# STORED DATA
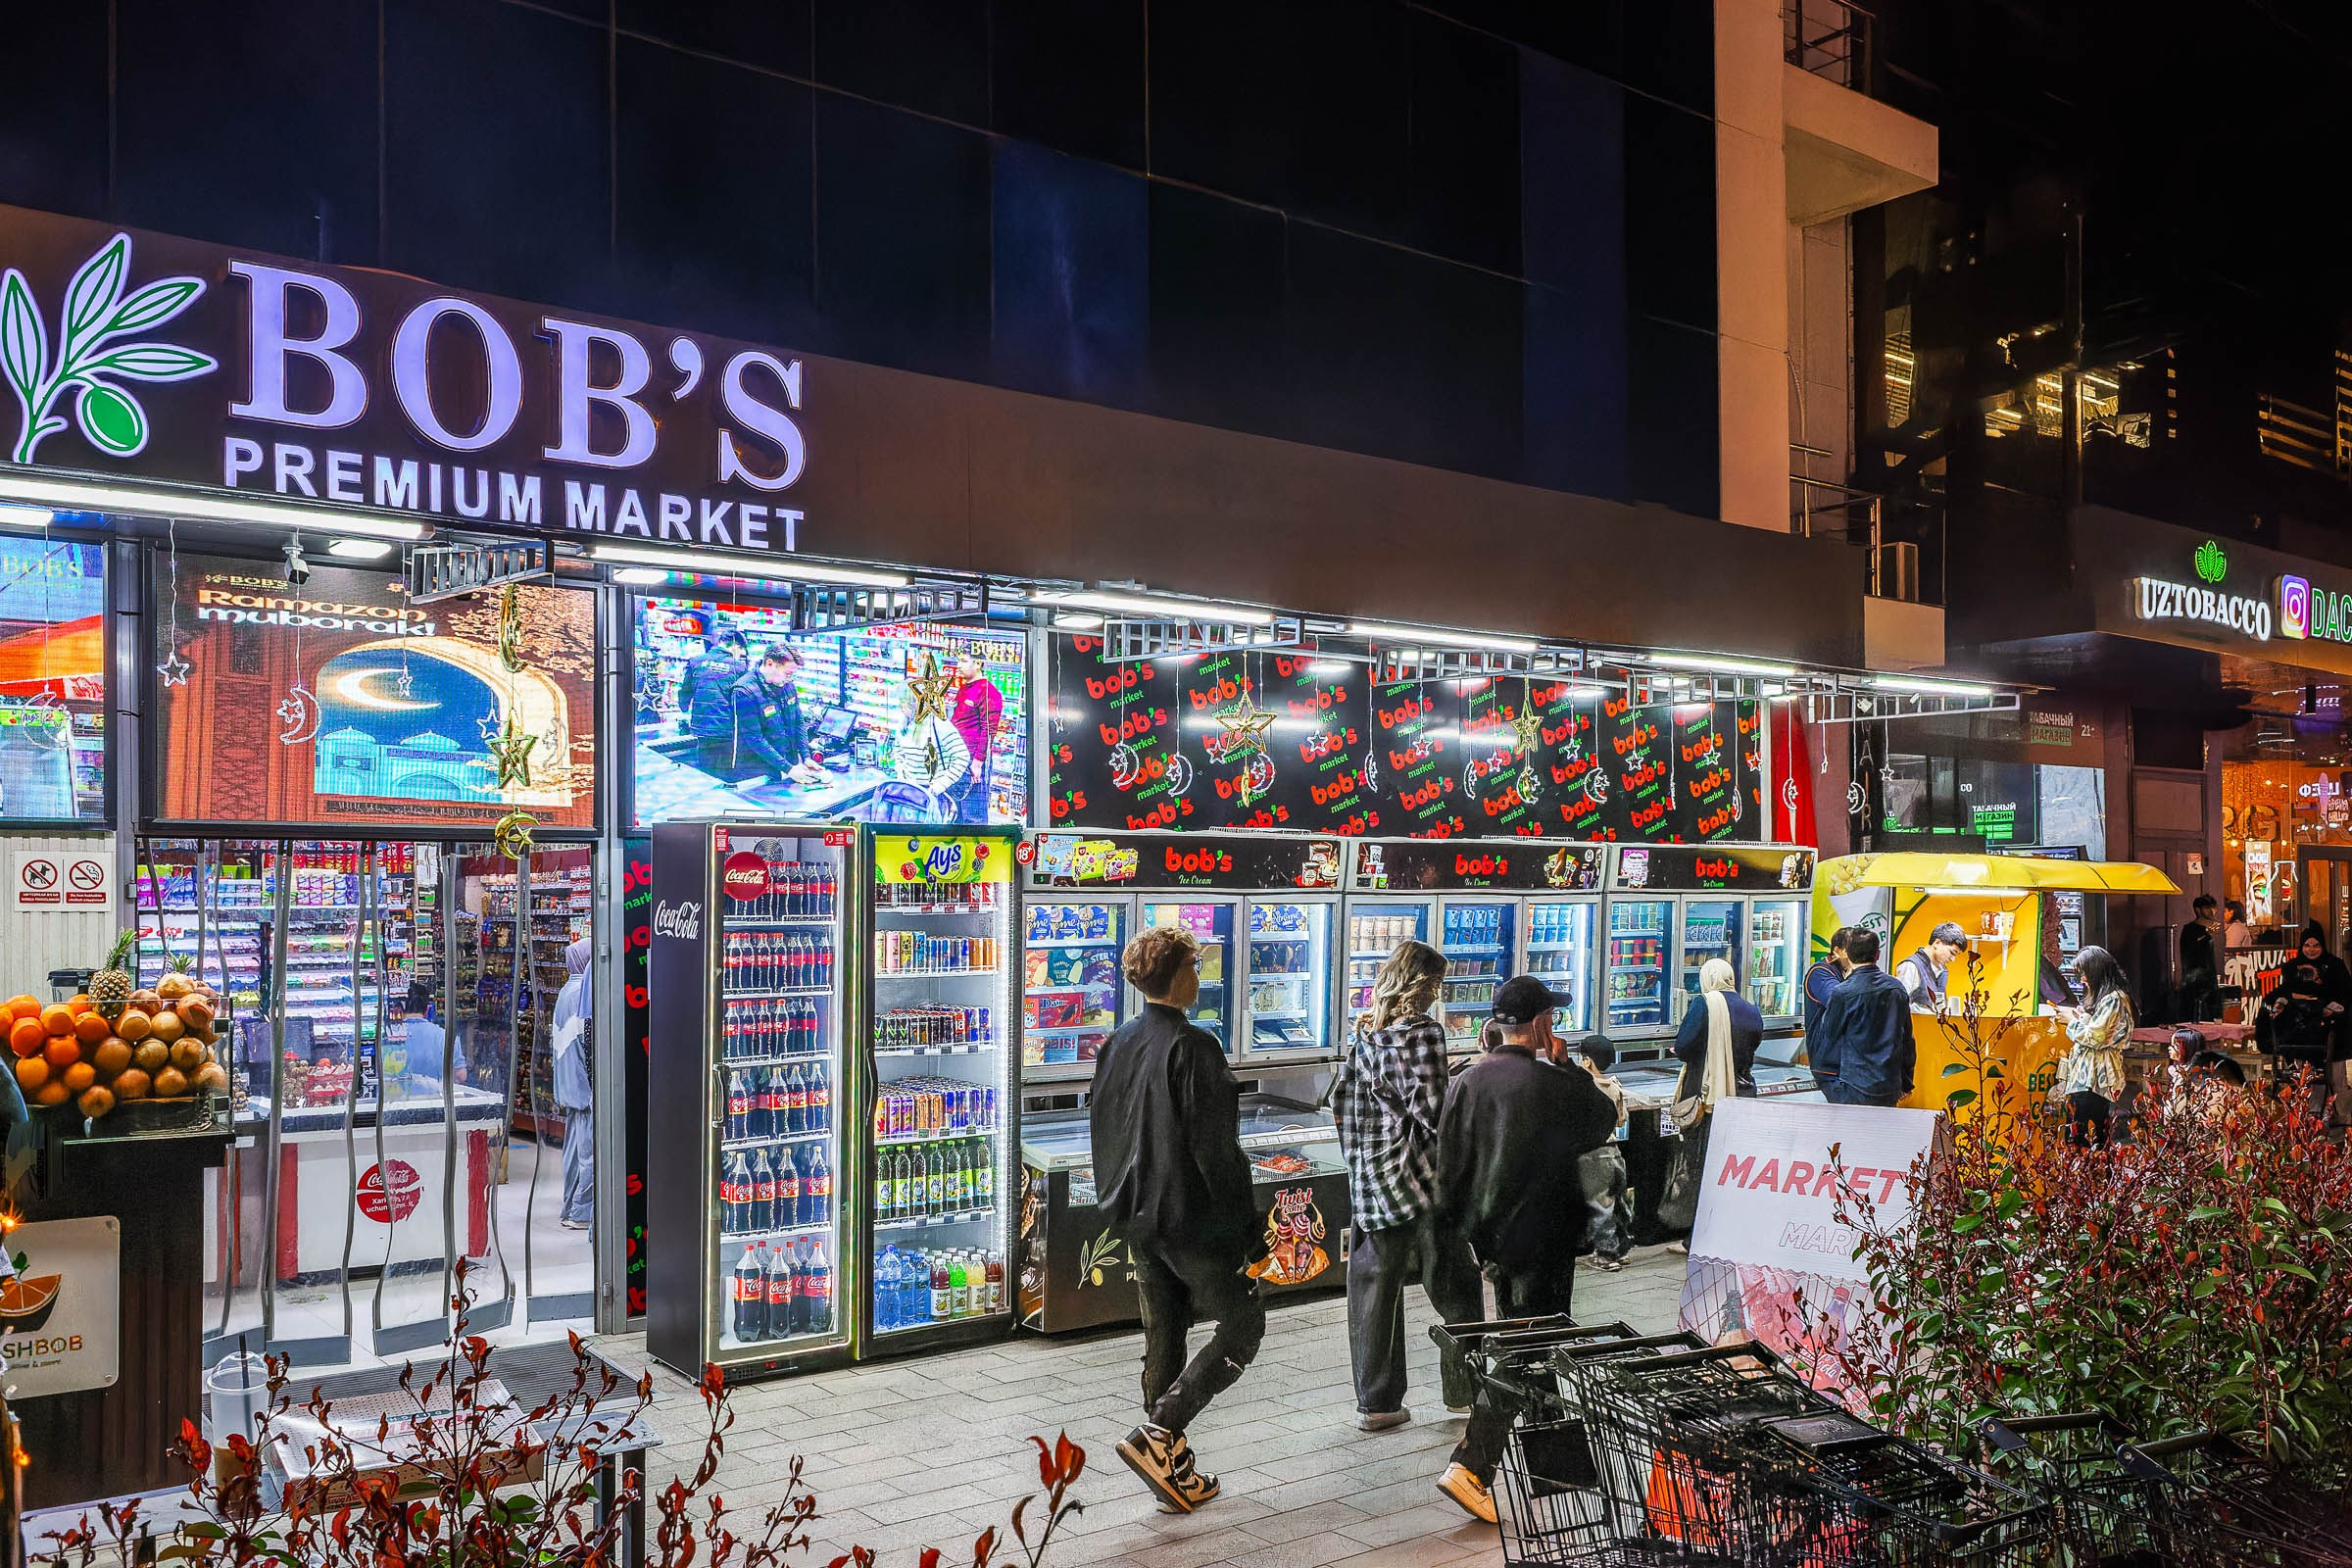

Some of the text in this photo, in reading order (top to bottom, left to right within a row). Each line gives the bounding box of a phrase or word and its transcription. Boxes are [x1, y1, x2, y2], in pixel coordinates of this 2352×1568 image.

[227, 258, 807, 491] BOB'S
[224, 436, 806, 552] PREMIUM MARKET
[229, 575, 288, 587] BOB'S
[198, 589, 427, 622] Ramazon
[2139, 576, 2272, 642] UZTOBACCO
[198, 607, 436, 636] muborak!
[1199, 657, 1231, 676] market
[1085, 662, 1155, 700] bob's
[1189, 673, 1254, 710] bob's
[1109, 689, 1145, 710] market
[1288, 684, 1348, 719] bob's
[1470, 690, 1496, 708] market
[1378, 695, 1435, 729] bob's
[1619, 710, 1643, 725] market
[1099, 707, 1168, 746] bob's
[1541, 714, 1591, 746] bob's
[1687, 717, 1709, 734] market
[1123, 735, 1158, 754] market
[1613, 723, 1659, 755] bob's
[1681, 732, 1724, 762] bob's
[1224, 746, 1256, 764] market
[1319, 753, 1349, 772] market
[1407, 760, 1436, 779] market
[1491, 767, 1517, 785] market
[1550, 753, 1598, 784] bob's
[1621, 760, 1666, 792] bob's
[1137, 780, 1171, 801] market
[1310, 769, 1367, 806] bob's
[1637, 782, 1659, 799] market
[1689, 767, 1732, 798] bob's
[1236, 791, 1268, 808] mrket
[1330, 794, 1361, 813] market
[1399, 776, 1454, 811] bob's
[1702, 788, 1725, 806] market
[1418, 800, 1446, 819] market
[1499, 807, 1526, 824] market
[1631, 797, 1673, 828] bob's
[1697, 804, 1737, 835] bob's
[1975, 812, 2013, 821] МГАЗИН
[1577, 812, 1600, 829] market
[1644, 819, 1668, 835] market
[1711, 825, 1733, 841] market
[924, 844, 961, 876] Ays
[950, 863, 960, 873] Tea
[1165, 846, 1233, 872] bob's
[1455, 855, 1508, 876] bob's
[1695, 857, 1739, 878] bob's
[725, 869, 766, 885] Coca-Cola
[1178, 874, 1211, 885] Ice Cream
[654, 900, 703, 940] Coca-Cola
[1854, 916, 1882, 929] EST
[2029, 1073, 2056, 1092] BES
[1717, 1153, 1908, 1204] MARKET
[1275, 1188, 1313, 1208] Twist
[1779, 1222, 1861, 1256] MAR
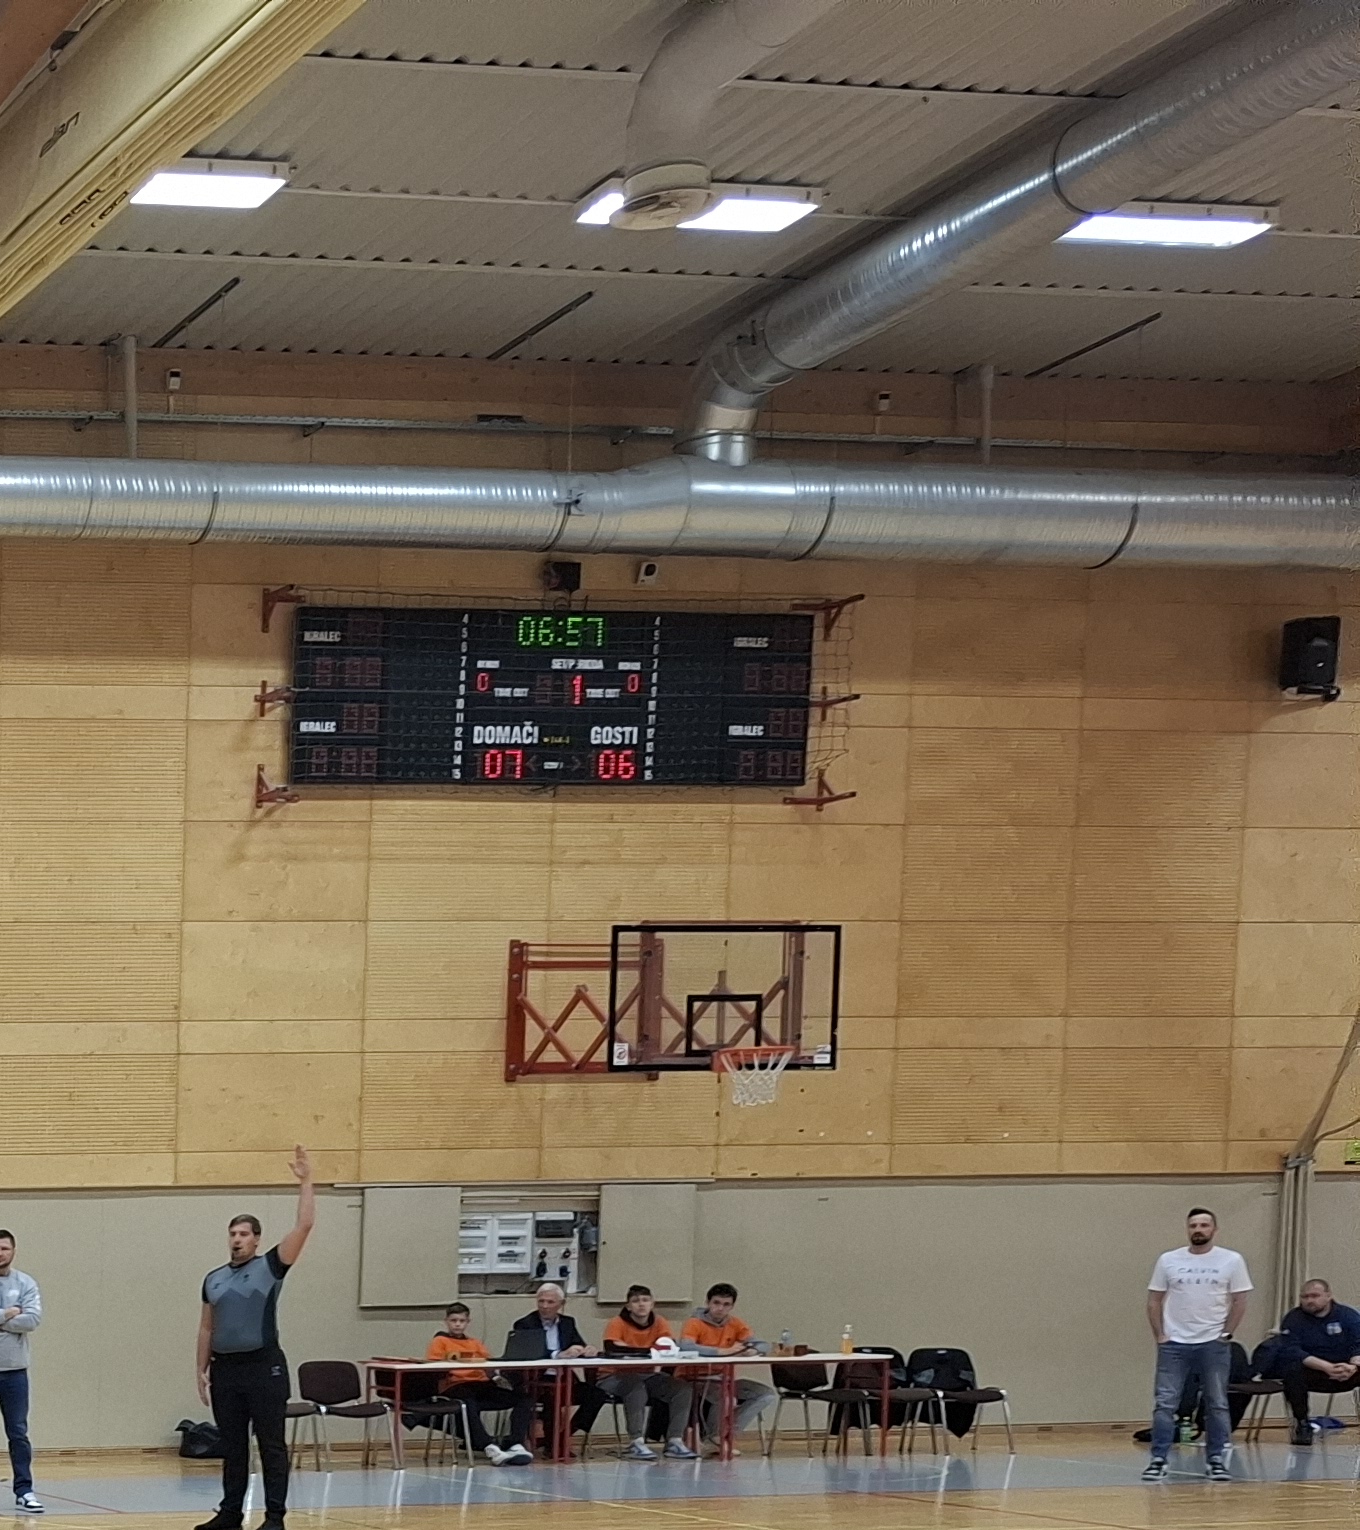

# WORK ITEM
Pick each line holding "Coca" out of the entries above and return it.

# RESULT OF THE TASK
[725, 869, 766, 885] Coca-Cola
[654, 900, 703, 940] Coca-Cola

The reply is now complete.